Your job is to return the whole listing unchanged while skipping its images.
DATA TO EXAMINE Block Start
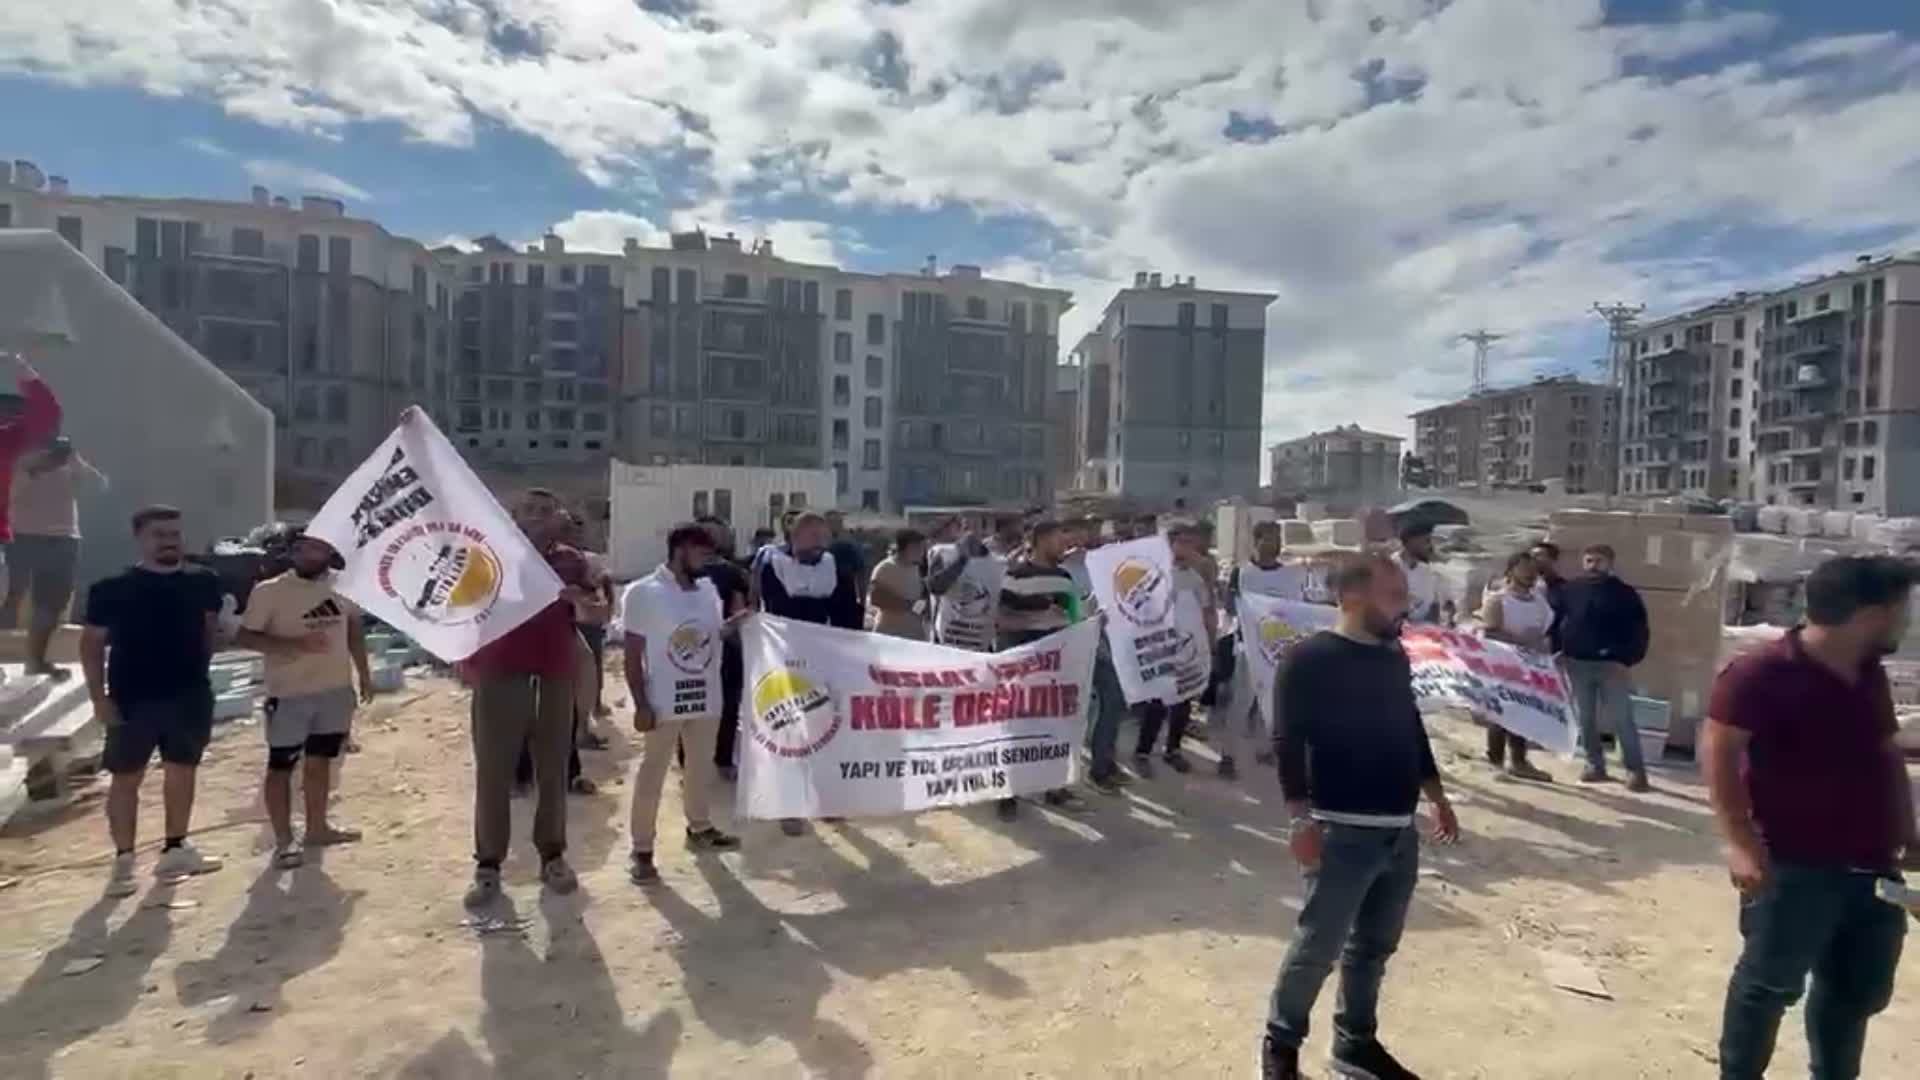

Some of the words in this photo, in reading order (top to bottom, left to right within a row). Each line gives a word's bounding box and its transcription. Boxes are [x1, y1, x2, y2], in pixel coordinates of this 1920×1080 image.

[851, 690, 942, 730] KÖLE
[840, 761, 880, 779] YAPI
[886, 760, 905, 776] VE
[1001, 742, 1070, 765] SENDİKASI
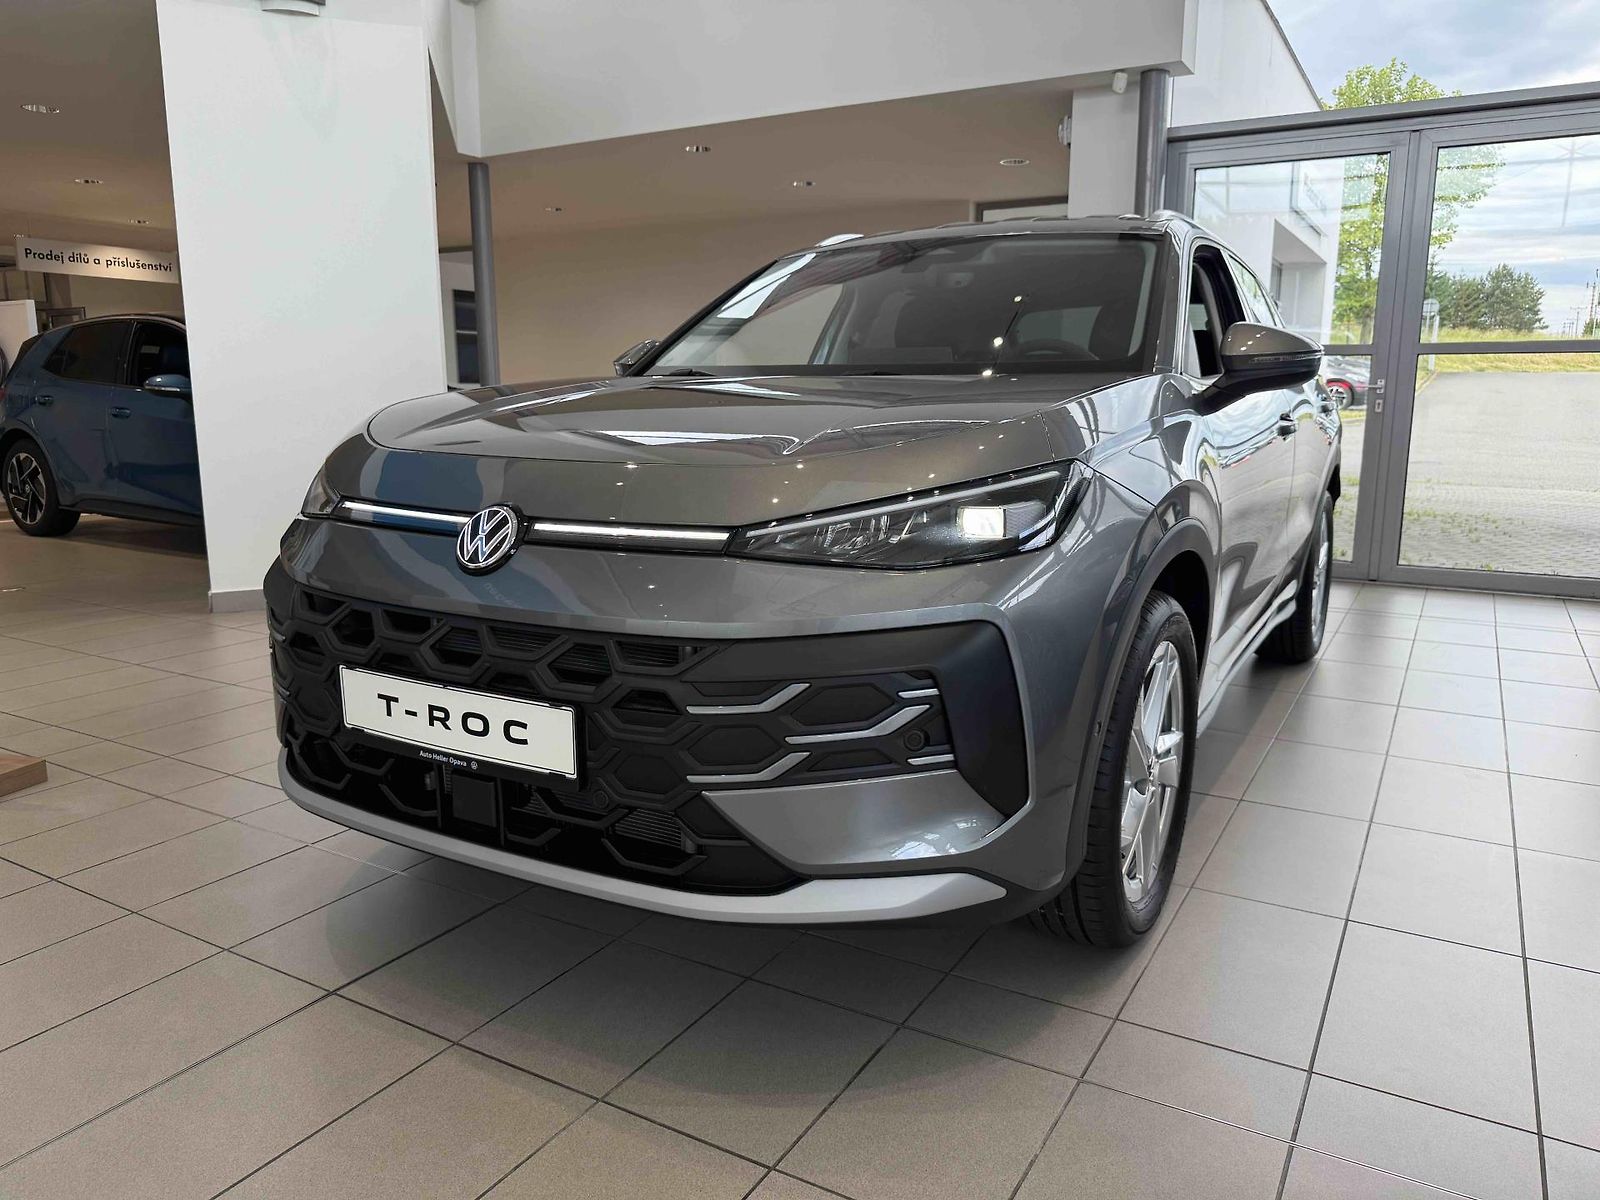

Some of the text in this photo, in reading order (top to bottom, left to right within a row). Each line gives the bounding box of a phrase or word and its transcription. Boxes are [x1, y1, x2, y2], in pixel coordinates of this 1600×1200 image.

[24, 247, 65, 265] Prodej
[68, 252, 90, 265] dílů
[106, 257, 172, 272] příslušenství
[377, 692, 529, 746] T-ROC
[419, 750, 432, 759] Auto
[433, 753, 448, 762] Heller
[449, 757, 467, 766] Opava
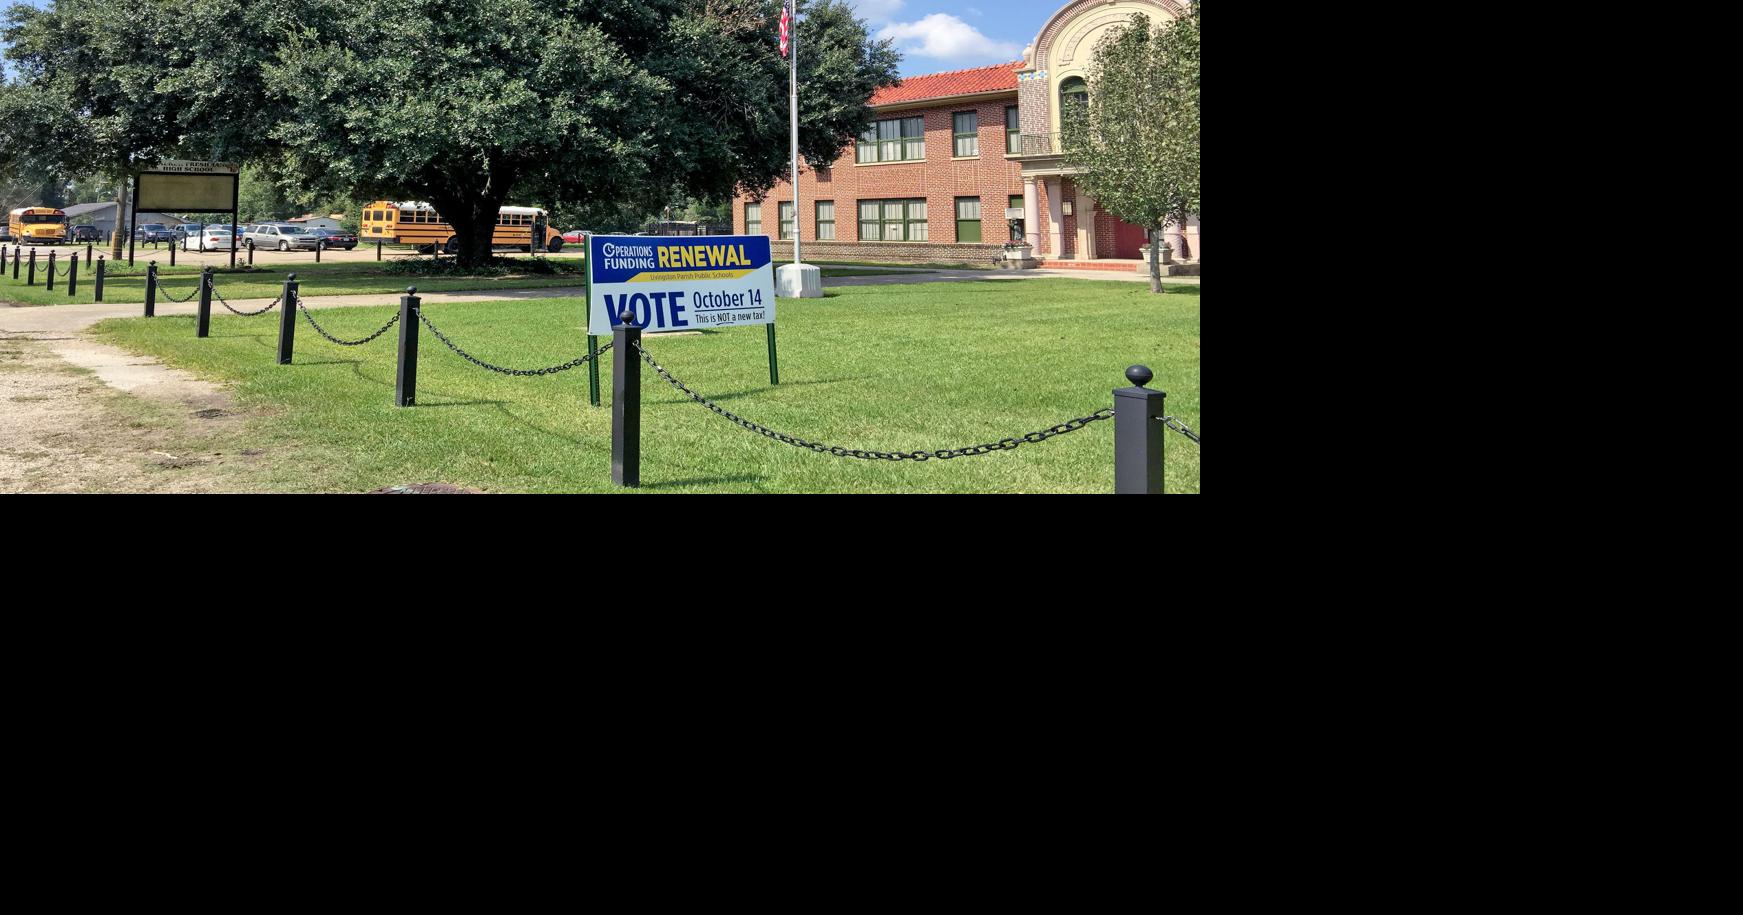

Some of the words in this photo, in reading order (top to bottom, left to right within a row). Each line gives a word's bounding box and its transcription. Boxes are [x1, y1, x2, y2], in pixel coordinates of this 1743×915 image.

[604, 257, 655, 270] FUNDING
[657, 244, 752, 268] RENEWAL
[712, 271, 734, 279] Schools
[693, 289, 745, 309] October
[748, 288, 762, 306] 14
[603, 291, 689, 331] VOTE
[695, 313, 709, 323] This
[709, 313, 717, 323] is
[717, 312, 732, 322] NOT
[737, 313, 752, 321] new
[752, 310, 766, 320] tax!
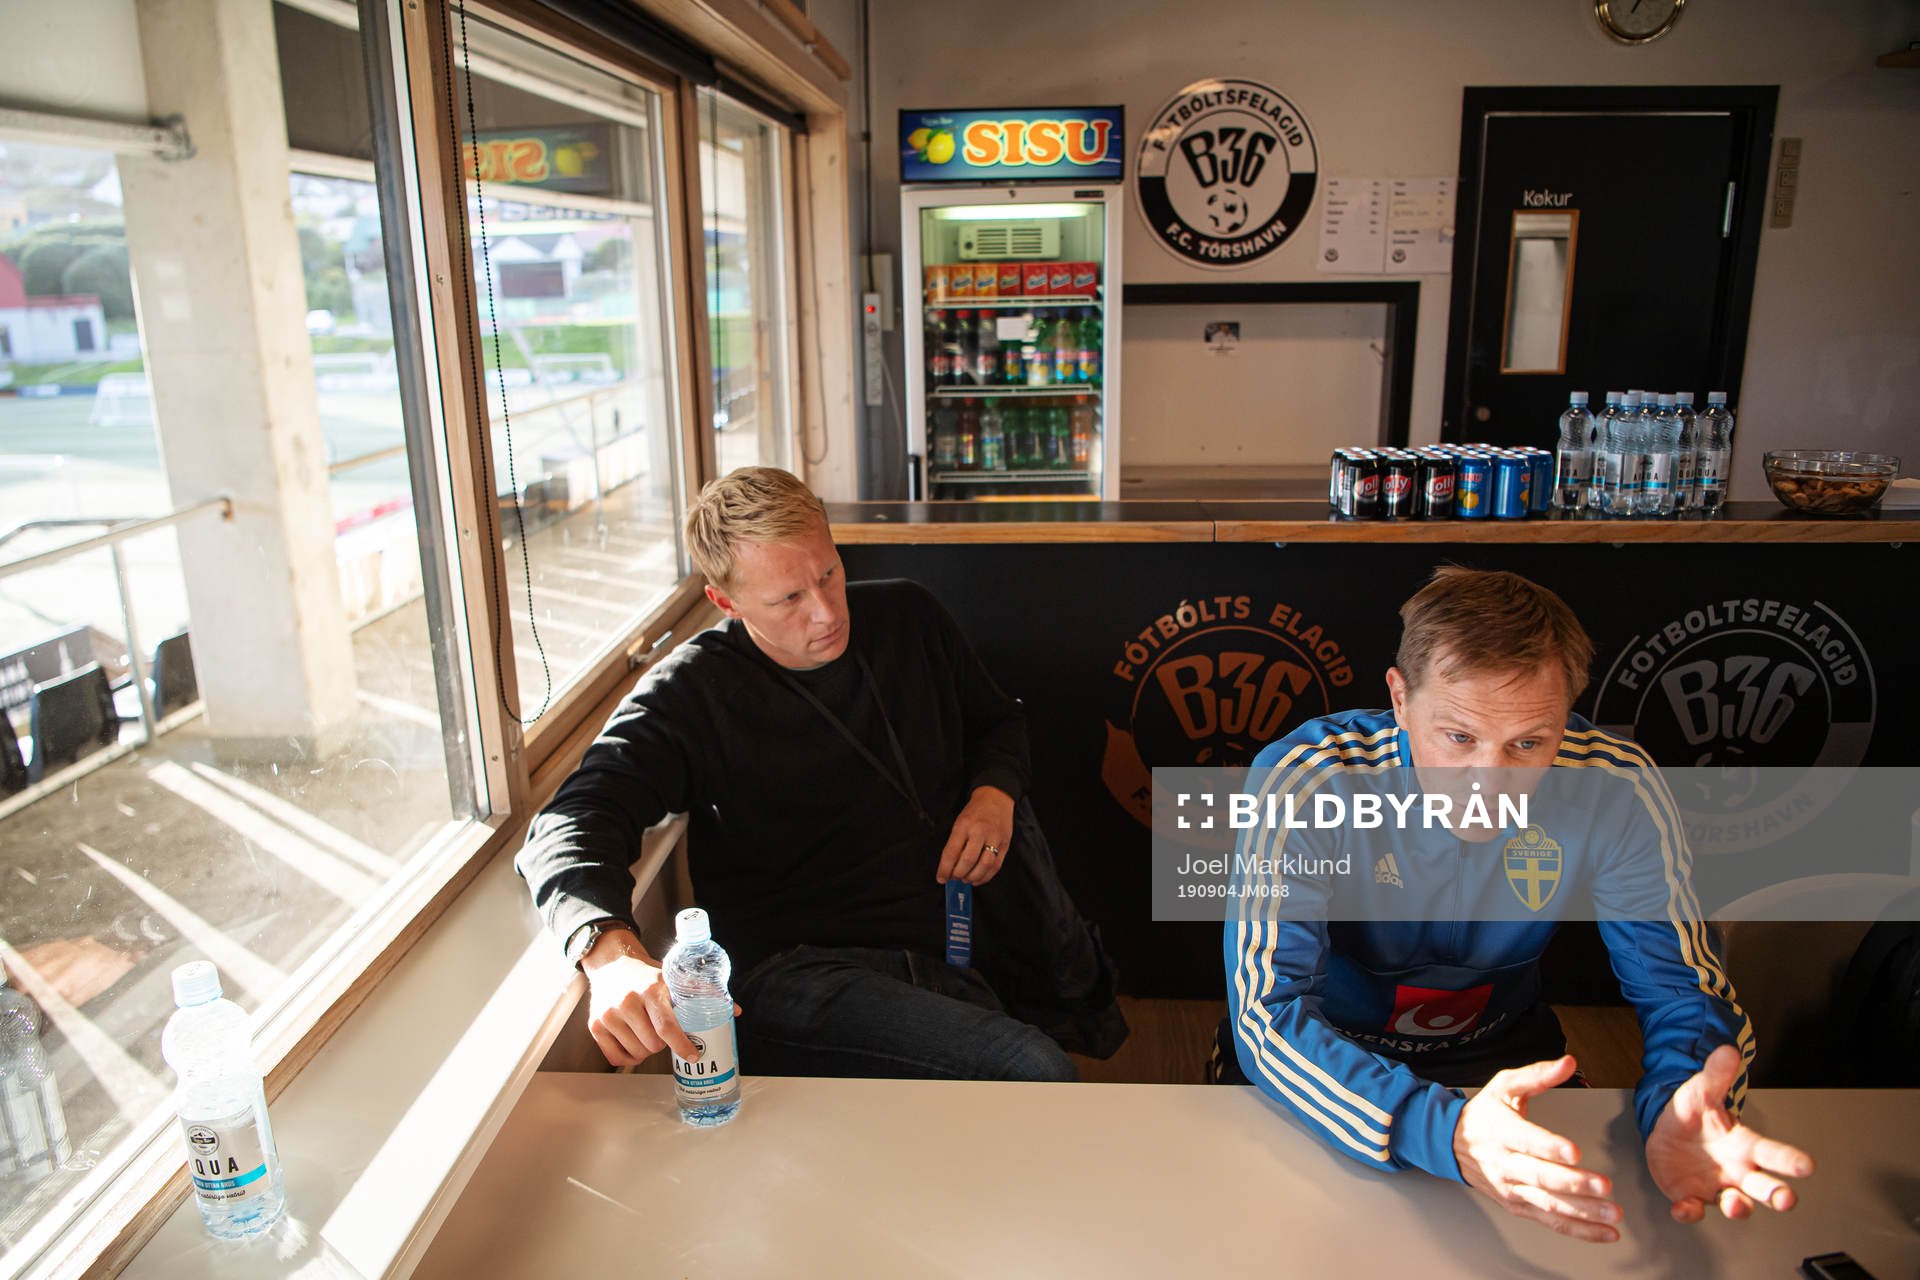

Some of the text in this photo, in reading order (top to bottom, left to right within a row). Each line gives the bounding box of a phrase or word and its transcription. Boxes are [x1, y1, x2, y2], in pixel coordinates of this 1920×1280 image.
DATA TO EXAMINE Block End
OUTPUT FOR THIS EXERCISE:
Some of the words in this photo, in reading order (top to bottom, left to right within a row). Each line gives a word's bounding box and its transcription. Boxes are [x1, y1, x2, y2], in pixel coordinates of this 1920×1080 image.

[851, 690, 942, 730] KÖLE
[840, 761, 880, 779] YAPI
[886, 760, 905, 776] VE
[1001, 742, 1070, 765] SENDİKASI

Some of the text in this photo, in reading order (top to bottom, left to right within a row). Each line gives the bounding box of a phrase or word and its transcription. Boxes are [x1, y1, x2, y2], in pixel coordinates of this 1600×1200 image.

[24, 247, 65, 265] Prodej
[68, 252, 90, 265] dílů
[106, 257, 172, 272] příslušenství
[377, 692, 529, 746] T-ROC
[419, 750, 432, 759] Auto
[433, 753, 448, 762] Heller
[449, 757, 467, 766] Opava

Some of the words in this photo, in reading order (top to bottom, left to right within a row). Each line gives a word's bounding box and its transcription. Boxes are [x1, y1, x2, y2], in pixel coordinates of this 1743×915 image.

[604, 257, 655, 270] FUNDING
[657, 244, 752, 268] RENEWAL
[712, 271, 734, 279] Schools
[693, 289, 745, 309] October
[748, 288, 762, 306] 14
[603, 291, 689, 331] VOTE
[695, 313, 709, 323] This
[709, 313, 717, 323] is
[717, 312, 732, 322] NOT
[737, 313, 752, 321] new
[752, 310, 766, 320] tax!

Some of the text in this photo, in reading order (top to bottom, left to right within a row). Each line gives the bounding box of a phrase or word and its transcription. Boxes are [x1, y1, x2, y2], in pixel coordinates of this 1920×1280 image.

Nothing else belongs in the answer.